First Aid

Safety and Paediatric First Aid

With all that curiosity and energy, babies and children are naturally prone to accidents. All parents should consider attending a simple first aid course to learn the basics, and also to give you confidence to know that you can react calmly to different situations. Among the key situations you should know how to deal with are:

Choking

Getting objects or food stuck in an airway can be very distressing for an infant. However, if a child is crying, they are not choking. If they are unable to breathe, cough or cry and you believe they have an obstruction in their throat:

  1. Lay them facedown on your forearm, with the head down low and supporting the body and head.
  2. Give up to 5 back blows between the shoulder blades with the heel of your hand.
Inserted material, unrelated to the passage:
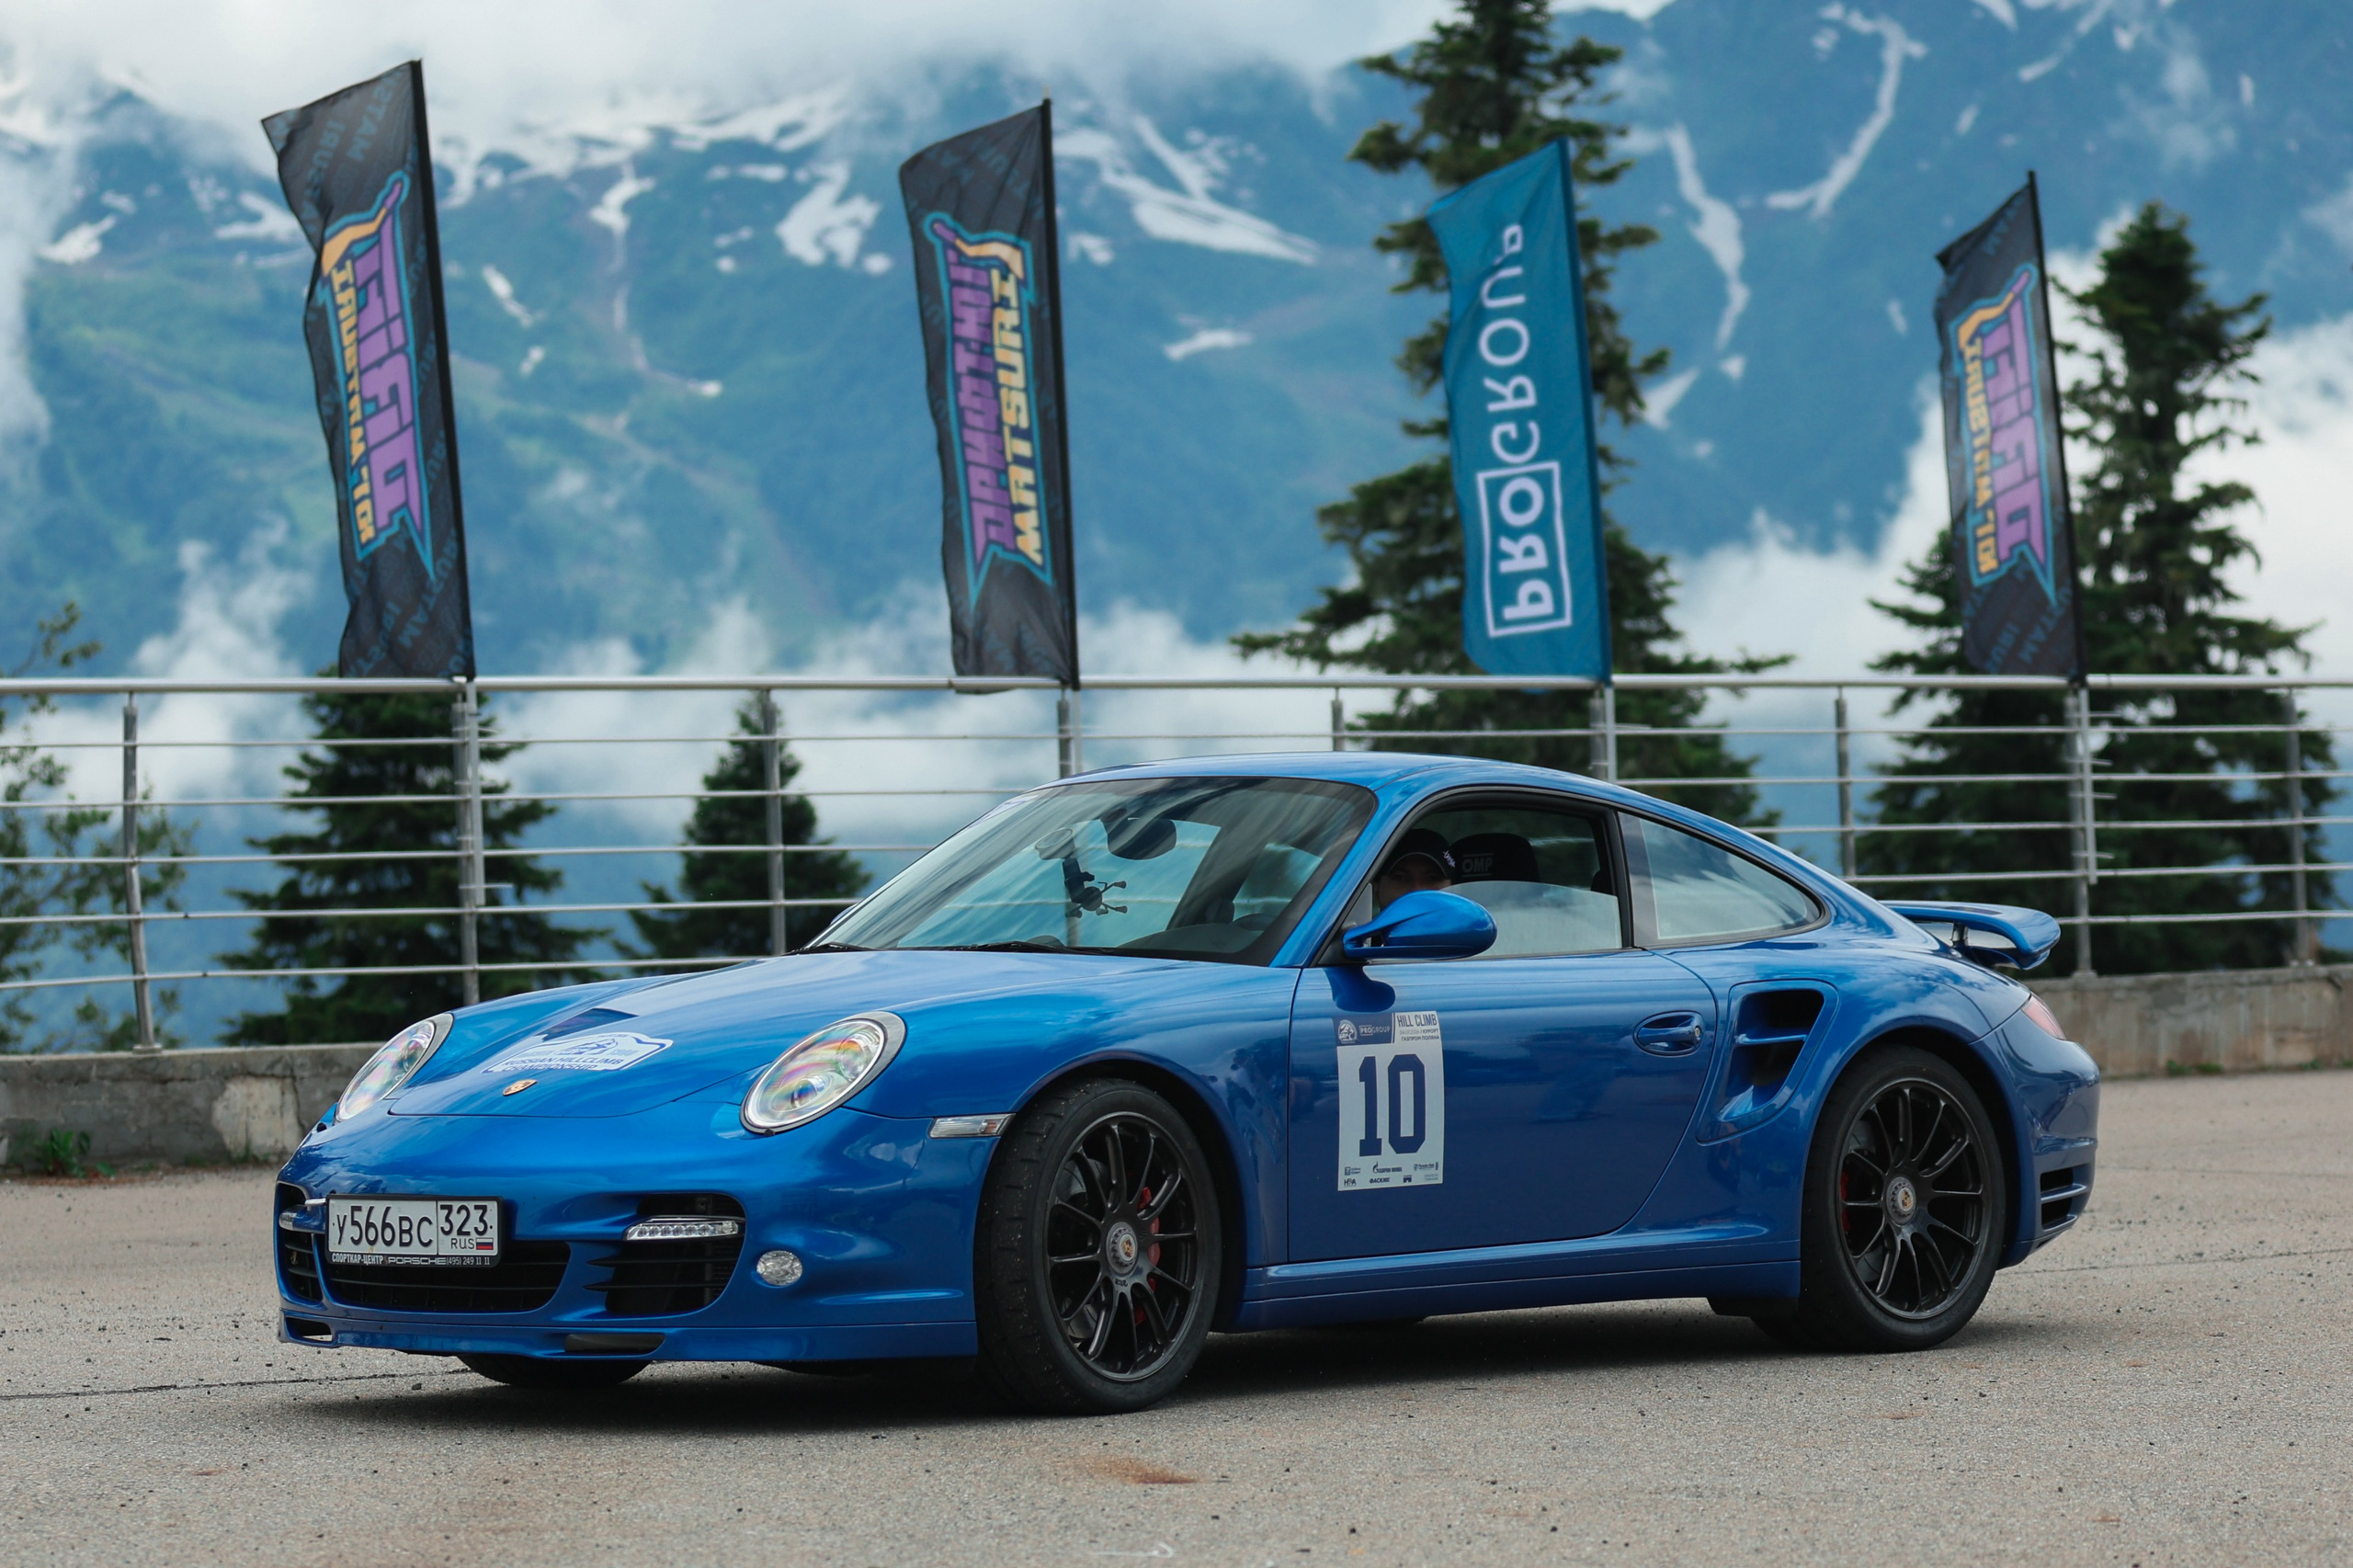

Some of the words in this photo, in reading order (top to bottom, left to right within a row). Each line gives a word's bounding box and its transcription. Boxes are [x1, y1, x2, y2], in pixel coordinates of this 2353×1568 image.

Check between each blow to see if the blockage has cleared.
  3. If the obstruction is still present after 5 back blows, put the infant onto their back, position two fingers in the centre of their chest and give 5 chest thrusts at a rate of approximately 1 per second. Alternate between 5 back blows and 5 chest thrusts. If the obstruction still does not clear, call for an ambulance – but don’t leave the infant unattended.
  4. Continue the sequence until emergency help arrives.

Anyone who has been treated for choking in this way should see their doctor after the incident.

Infant or Child Burns
  1. Cool down minor burns by holding under cold running water.
  2. Cover with clean cling film or a loose, sterile, non fluffy bandage.
  3. Seek medical assistance if you are unsure of the severity of the burn.
Bleeding

Blood loss should be treated as quickly as possible and you should wear disposable gloves if available.

If NOTHING is embedded in the wound:

  1. Press on the wound with your hand over a clean pad.
  2. Secure with a bandage.
  3. Raise the wound above the level of the heart.
  4. Call for an ambulance.

If SOMETHING is embedded in the wound:

  1. Do not press on the object.
  2. Instead, press either side of the object and build up padding around it before bandaging to avoid putting pressure on the object itself.
  3. Get the person to hospital as quickly as possible.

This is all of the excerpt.